PoolTogether - DarkTower's results

Lines of code

https://github.com/code-423n4/2024-03-pooltogether/blob/main/pt-v5-vault/src/PrizeVault.sol#L611-L622

Vulnerability details

Impact

Any fee claim by the fee recipient lesser than the accrued internal accounting of the yieldFeeBalance is lost and locked in the PrizeVault contract with no way to pull out the funds.

Proof of Concept

The claimYieldFeeShares allows the yieldFeeRecipient fee recipient to claim fees in yields from the PrizeVault contract. The claimer can claim up to the yieldFeeBalance internal accounting and no more. The issue with this function is it presents a vulnerable area of loss with the _shares argument in the sense that if the accrued yield fee shares is 1000 shares and the claimer claims only 10, 200 or even any amount less than 1000, they forfeit whatever is left of the yieldFeeBalance e.g if you claimed 200 and hence got minted 200 shares, you lose the remainder 800 because it wipes the yieldFeeBalance 1000 balance whereas only minted 200 shares.
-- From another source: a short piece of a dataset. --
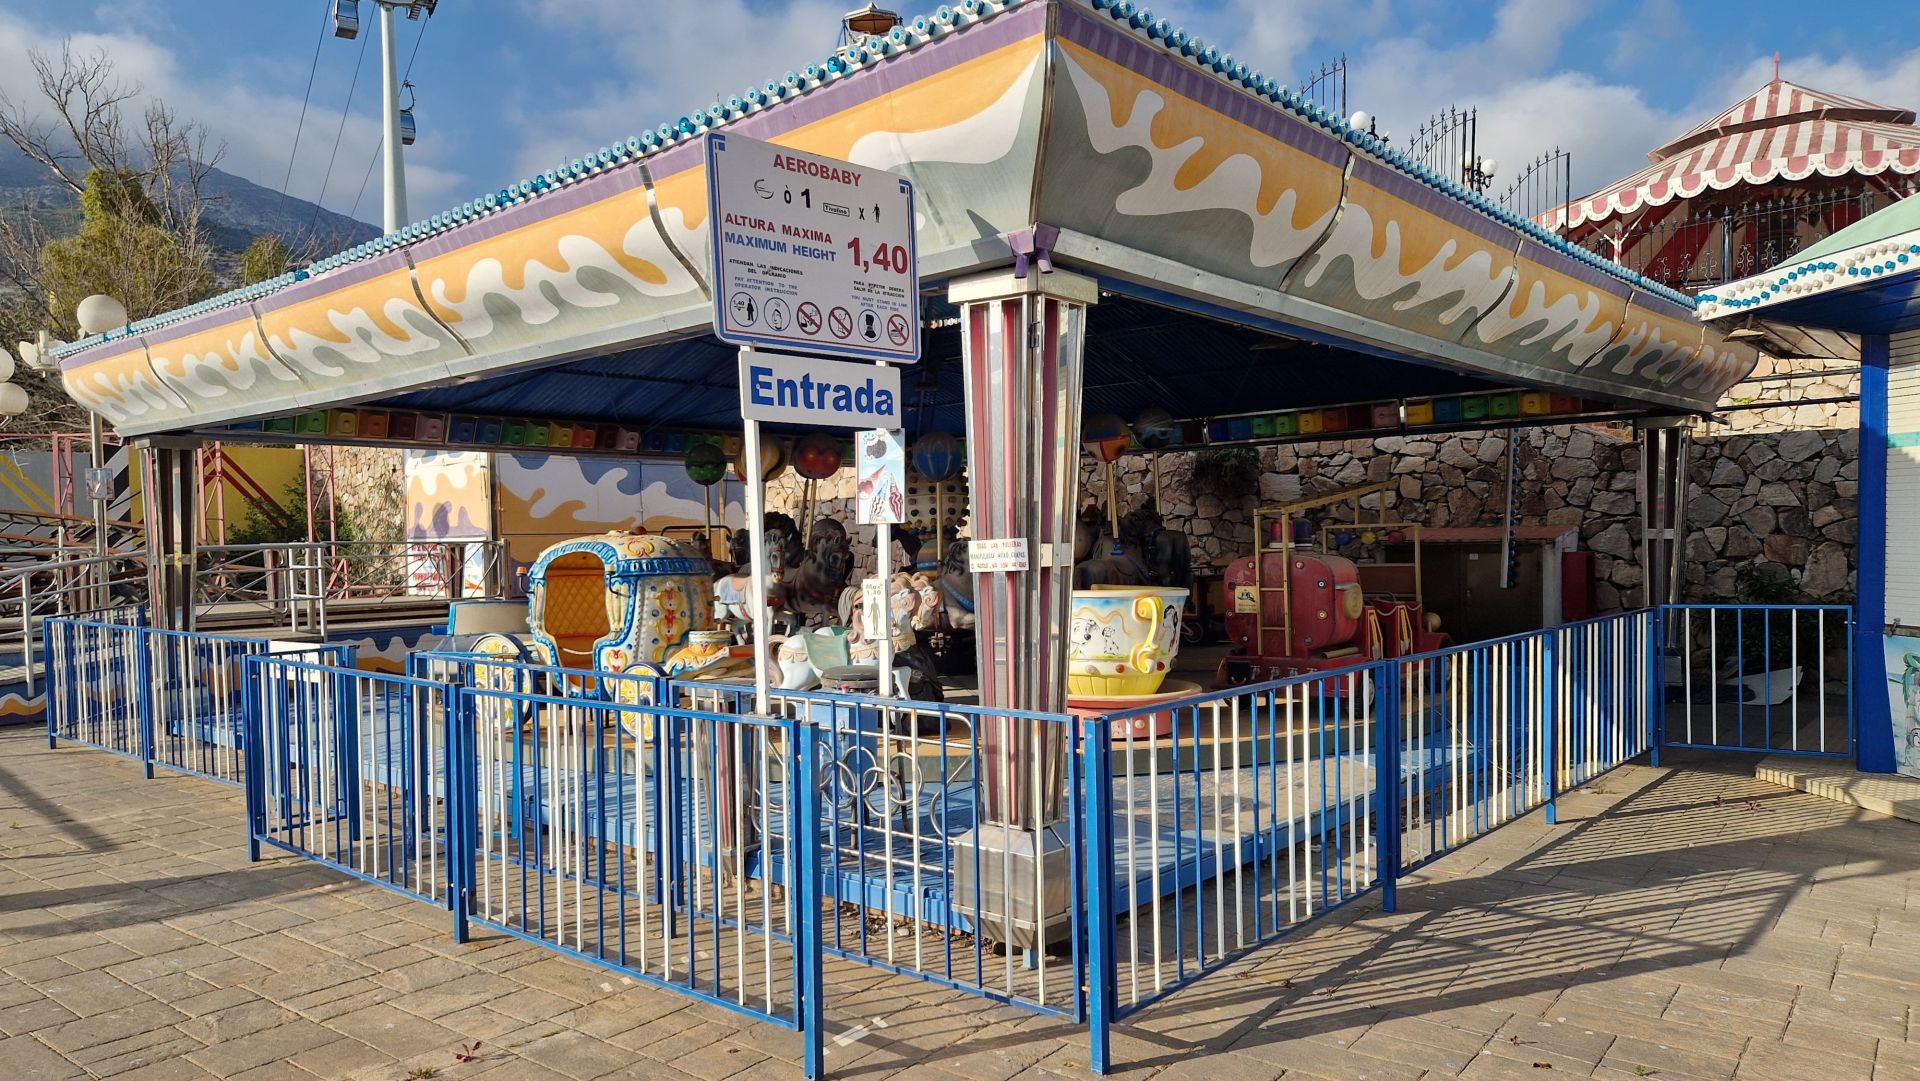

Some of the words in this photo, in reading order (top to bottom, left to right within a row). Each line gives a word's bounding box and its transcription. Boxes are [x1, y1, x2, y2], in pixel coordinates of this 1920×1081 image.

Let's see a code breakdown of the vulnerable claimYieldFeeShares function:

function claimYieldFeeShares(uint256 _shares) external onlyYieldFeeRecipient {
        if (_shares == 0) revert MintZeroShares();

        uint256 _yieldFeeBalance = yieldFeeBalance;
        if (_shares > _yieldFeeBalance) revert SharesExceedsYieldFeeBalance(_shares, _yieldFeeBalance);

        yieldFeeBalance -= _yieldFeeBalance; // @audit issue stems and realized next line of code

        _mint(msg.sender, _shares); // @audit the point where the claimant gets to lose

        emit ClaimYieldFeeShares(msg.sender, _shares);
    }

This line of the function caches the total yield fee balance accrued in the contract and hence, the fee recipient is entitled to e.g 100

uint256 _yieldFeeBalance = yieldFeeBalance;

This next line of code enforces a comparison check making sure the claimer cannot grief other depositors in the vault because the claimant could for example try to claim and mint 150 shares whereas they are only entitled to 100.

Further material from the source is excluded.